A colder, snowier winter would mean an increase in energy bills, added snow removal efforts, more travel delays and extended school closures.
Northeast and Mid-Atlantic
The areas that will be hit hardest this winter by cold, snowy weather will be from New England through the Appalachians and mid-Atlantic, including North Carolina. Areas from New York City to Raleigh have gotten by the past two years with very little snowfall. This year these areas could end up with above-normal snowfall.
Areas from Buffalo to Boston, which have been hit hard the past couple of winters, will see normal snowfall with temperatures slightly below normal. Bastardi adds that while these areas will have a normal winter, it's the areas farther south that have escaped from the snow and cold the past couple of winters that will see the worse winter conditions in the form of snow and cold.
Cities such as New York, Boston and Philadelphia could see up to 75 percent of their total snowfall in two or three big storms.
While some parts of the Appalachians did have harsh winter weather in the form of ice last year, this winter could be one of the snowiest since 2002-03, when up to 80 inches fell in many places. Snowfall totals this year could reach between 50 and 100 inches.
Last winter, the usage of salt was way up because of the number of ice storms. Salt supplies could be compromised again this year for state and local road crews that battle the winter weather. On the other hand, ski resorts could have a great year with plenty of powder for skiers.
The storm track that could develop this year will bring storms into southern California, then across the South and up the Eastern Seaboard. That track will lead to the normal amount of Nor'easters from New Jersey to Cape Hatteras.
This type of storm track will differ from that of the past two years, when storms tended to take a track farther west from Texas into the Great Lakes. That track into the Great Lakes brought unseasonably mild weather to the major East Coast cities, keeping them on the more rainy side of the storms.
The track this year right along the Eastern Seaboard would put the major cities on the cold, wintry side of the storms. Areas form Atlanta to Charlotte could see several snowstorms this year, which is something that this region has not seen in a while.

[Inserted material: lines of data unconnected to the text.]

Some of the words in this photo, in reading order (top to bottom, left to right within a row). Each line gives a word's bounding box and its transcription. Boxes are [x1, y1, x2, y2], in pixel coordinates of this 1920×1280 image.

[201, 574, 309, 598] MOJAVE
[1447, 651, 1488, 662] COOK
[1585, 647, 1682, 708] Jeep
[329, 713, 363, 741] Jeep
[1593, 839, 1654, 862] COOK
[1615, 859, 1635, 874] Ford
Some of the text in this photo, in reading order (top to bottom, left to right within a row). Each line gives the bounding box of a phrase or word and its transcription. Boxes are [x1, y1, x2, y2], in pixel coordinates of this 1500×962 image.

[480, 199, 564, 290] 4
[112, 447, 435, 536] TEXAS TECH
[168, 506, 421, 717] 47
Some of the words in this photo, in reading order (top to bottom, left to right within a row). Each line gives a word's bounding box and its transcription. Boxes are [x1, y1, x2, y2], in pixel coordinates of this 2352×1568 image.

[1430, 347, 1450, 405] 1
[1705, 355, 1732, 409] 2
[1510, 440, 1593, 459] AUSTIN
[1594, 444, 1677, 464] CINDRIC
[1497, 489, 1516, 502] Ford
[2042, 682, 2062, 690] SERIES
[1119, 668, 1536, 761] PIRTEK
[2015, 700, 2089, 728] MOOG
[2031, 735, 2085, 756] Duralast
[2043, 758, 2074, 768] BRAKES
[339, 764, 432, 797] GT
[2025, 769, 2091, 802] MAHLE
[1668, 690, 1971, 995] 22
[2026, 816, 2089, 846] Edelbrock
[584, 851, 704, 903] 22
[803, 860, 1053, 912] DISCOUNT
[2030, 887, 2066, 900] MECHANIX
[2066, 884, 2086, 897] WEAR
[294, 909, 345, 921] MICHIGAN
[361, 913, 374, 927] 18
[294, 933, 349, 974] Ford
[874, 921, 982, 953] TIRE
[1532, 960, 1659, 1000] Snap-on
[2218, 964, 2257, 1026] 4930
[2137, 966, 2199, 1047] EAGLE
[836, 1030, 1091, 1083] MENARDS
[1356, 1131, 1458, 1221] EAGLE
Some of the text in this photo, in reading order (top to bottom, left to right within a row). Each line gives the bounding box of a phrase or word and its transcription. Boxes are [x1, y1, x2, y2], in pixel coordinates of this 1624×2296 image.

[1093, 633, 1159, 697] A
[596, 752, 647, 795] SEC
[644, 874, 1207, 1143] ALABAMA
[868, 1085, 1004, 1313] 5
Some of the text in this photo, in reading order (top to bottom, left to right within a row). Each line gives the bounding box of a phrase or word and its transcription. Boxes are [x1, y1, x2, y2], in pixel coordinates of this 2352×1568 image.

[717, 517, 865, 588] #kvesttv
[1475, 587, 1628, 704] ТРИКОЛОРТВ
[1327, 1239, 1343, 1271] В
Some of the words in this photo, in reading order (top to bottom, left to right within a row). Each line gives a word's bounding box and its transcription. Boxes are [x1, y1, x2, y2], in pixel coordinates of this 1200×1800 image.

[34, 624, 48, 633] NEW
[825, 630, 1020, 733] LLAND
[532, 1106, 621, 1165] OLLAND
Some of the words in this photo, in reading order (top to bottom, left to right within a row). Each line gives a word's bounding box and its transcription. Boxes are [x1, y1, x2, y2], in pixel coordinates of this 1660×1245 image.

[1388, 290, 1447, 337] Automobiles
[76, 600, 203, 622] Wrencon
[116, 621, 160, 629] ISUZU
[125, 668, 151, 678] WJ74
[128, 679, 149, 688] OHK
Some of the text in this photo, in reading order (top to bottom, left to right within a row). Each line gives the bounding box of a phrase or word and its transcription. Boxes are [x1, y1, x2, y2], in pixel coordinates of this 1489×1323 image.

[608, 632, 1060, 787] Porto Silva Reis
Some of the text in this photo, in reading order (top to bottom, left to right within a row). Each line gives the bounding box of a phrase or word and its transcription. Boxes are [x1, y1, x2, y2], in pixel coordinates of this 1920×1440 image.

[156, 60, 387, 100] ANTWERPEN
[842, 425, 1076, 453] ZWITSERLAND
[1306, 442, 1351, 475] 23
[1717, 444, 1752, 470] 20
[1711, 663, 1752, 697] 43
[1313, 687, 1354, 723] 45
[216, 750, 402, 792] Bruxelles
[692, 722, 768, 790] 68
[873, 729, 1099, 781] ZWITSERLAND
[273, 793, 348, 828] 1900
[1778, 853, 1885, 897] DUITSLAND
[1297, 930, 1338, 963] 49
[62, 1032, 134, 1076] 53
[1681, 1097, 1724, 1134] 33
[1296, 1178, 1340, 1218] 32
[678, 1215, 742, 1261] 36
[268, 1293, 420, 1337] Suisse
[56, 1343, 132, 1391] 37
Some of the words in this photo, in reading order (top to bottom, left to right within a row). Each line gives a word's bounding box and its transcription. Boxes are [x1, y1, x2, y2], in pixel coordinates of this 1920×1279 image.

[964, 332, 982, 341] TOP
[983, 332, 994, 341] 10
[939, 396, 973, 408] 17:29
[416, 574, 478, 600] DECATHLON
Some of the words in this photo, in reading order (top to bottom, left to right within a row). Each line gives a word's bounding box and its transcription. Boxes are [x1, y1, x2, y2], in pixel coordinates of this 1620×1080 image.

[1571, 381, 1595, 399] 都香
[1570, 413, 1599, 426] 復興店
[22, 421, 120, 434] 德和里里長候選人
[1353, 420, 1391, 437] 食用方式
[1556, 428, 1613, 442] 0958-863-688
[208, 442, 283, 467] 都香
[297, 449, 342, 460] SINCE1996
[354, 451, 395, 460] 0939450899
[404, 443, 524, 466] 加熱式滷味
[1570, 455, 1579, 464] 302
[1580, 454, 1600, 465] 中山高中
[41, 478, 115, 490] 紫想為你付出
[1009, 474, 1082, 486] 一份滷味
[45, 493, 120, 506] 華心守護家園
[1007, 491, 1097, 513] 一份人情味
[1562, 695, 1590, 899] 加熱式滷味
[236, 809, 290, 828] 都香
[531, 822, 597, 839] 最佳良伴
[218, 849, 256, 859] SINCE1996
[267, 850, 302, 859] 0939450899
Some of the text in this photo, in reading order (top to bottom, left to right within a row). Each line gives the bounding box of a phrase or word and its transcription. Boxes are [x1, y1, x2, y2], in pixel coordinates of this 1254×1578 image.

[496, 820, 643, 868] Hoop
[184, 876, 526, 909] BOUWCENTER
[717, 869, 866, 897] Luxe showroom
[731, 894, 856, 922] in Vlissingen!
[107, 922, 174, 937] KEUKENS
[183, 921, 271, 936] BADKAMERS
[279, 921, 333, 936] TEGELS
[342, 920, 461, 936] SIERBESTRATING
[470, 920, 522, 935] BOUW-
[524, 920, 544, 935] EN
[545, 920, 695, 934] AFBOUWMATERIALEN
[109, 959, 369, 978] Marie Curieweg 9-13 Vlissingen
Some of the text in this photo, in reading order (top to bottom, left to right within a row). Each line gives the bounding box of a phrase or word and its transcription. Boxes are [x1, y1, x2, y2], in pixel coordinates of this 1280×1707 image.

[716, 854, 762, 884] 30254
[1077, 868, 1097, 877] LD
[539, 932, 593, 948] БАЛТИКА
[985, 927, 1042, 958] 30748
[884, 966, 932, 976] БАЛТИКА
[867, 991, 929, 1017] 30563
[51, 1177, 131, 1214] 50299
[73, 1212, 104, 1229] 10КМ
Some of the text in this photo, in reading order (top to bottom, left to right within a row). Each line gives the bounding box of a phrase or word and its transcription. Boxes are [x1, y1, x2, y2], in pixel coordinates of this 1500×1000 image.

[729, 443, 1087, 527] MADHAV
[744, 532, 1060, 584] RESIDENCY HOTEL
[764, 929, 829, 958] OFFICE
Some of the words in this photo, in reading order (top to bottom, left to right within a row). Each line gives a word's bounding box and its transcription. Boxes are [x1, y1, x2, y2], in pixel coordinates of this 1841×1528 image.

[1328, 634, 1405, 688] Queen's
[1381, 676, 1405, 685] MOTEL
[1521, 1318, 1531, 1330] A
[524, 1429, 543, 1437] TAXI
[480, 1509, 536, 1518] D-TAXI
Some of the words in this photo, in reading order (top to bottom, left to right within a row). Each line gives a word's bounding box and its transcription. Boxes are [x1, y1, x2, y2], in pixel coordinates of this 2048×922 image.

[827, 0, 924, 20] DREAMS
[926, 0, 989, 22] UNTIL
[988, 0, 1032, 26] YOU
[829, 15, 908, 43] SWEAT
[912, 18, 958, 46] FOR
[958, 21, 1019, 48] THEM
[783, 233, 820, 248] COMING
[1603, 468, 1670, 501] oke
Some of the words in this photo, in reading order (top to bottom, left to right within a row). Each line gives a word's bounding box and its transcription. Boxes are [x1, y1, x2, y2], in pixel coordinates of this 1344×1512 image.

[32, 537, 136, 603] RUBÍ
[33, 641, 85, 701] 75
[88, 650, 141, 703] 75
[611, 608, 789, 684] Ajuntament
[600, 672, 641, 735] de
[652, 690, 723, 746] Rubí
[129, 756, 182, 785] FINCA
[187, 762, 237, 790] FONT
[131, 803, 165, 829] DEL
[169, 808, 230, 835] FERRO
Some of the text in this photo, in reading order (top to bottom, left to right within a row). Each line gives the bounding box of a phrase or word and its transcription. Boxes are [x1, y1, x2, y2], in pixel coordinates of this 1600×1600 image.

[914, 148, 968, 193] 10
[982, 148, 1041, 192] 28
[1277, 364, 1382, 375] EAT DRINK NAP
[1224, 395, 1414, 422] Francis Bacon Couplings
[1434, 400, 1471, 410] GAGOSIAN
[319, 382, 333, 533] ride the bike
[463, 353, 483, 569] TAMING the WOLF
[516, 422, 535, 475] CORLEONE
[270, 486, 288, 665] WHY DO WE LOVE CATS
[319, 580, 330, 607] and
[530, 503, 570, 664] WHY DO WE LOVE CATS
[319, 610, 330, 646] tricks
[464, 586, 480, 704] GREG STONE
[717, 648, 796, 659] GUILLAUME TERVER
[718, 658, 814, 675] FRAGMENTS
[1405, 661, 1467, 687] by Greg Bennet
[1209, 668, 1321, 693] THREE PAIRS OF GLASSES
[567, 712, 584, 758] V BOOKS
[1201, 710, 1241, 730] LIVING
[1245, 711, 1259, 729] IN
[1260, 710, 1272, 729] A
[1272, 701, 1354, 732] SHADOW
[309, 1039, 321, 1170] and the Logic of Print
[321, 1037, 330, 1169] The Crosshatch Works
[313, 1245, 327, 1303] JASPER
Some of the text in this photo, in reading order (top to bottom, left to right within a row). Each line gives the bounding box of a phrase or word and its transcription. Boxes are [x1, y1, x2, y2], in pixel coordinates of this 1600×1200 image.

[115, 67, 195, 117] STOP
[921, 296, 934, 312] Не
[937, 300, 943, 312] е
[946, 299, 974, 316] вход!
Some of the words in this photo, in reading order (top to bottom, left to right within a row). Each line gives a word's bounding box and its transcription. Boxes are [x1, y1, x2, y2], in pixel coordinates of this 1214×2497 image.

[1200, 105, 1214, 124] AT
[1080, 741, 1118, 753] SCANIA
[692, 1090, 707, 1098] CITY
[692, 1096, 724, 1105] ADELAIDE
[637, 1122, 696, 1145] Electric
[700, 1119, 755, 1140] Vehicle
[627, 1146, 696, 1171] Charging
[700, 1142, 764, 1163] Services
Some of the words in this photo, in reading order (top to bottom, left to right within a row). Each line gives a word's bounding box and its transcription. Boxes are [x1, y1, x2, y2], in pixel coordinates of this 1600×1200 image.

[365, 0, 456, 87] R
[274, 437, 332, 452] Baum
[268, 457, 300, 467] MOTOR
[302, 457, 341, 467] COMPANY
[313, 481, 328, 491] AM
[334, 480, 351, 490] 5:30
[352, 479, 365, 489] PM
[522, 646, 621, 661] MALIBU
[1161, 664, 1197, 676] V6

The Interstate 20 corridor from Dallas to Atlanta is a strike zone for ice and snow, given the storm track and proximity to cold air. By the end of the winter, people from Dallas to the Carolinas could say "Wow, we have snow this year!" said Bastardi.
Midwest and Central Plains
The Midwest and central Plains could get a break this winter, given that past couple of winters have been cold and snowy. Places such as Chicago, Omaha, Minneapolis and Kansas City may have below-normal snowfall and could even average a bit milder than past years.
However, Oklahoma into Texas is where the cold will lead to ice and snow, and it is not out of the question that snow and ice are as far south as College Station and San Antonio, Tex.
West and Pacific Northwest
A warm and somewhat dry weather pattern is expected from the Pacific Northwest into the northern Plains. The typical barrage of winter storms that hit Seattle and Portland may not occur this winter and lead to below-normal precipitation. The core of the wet weather will be south of San Francisco into southern California and the Southwest. While some people across Southern California fear the El Nino will bring harsh storms to the region, the fading of the El Nino will lessen that risk and provide storms more capable of producing less intense rains that result in mudslides and flooding.
For example, Los Angeles could have 110 percent of normal rainfall and the Sierras and Southwest mountains will have the normal amount of snowfall which is good for skiers. The Olympics in Vancouver, British Columbia, from February 12 to 28 could be impacted by the lack of snow and cold weather this winter. It's not out of the question that a dry and mild pattern develops very near or during the time of the Olympics. A storm track into California and the Southwest means near-normal rainfall for Southern California.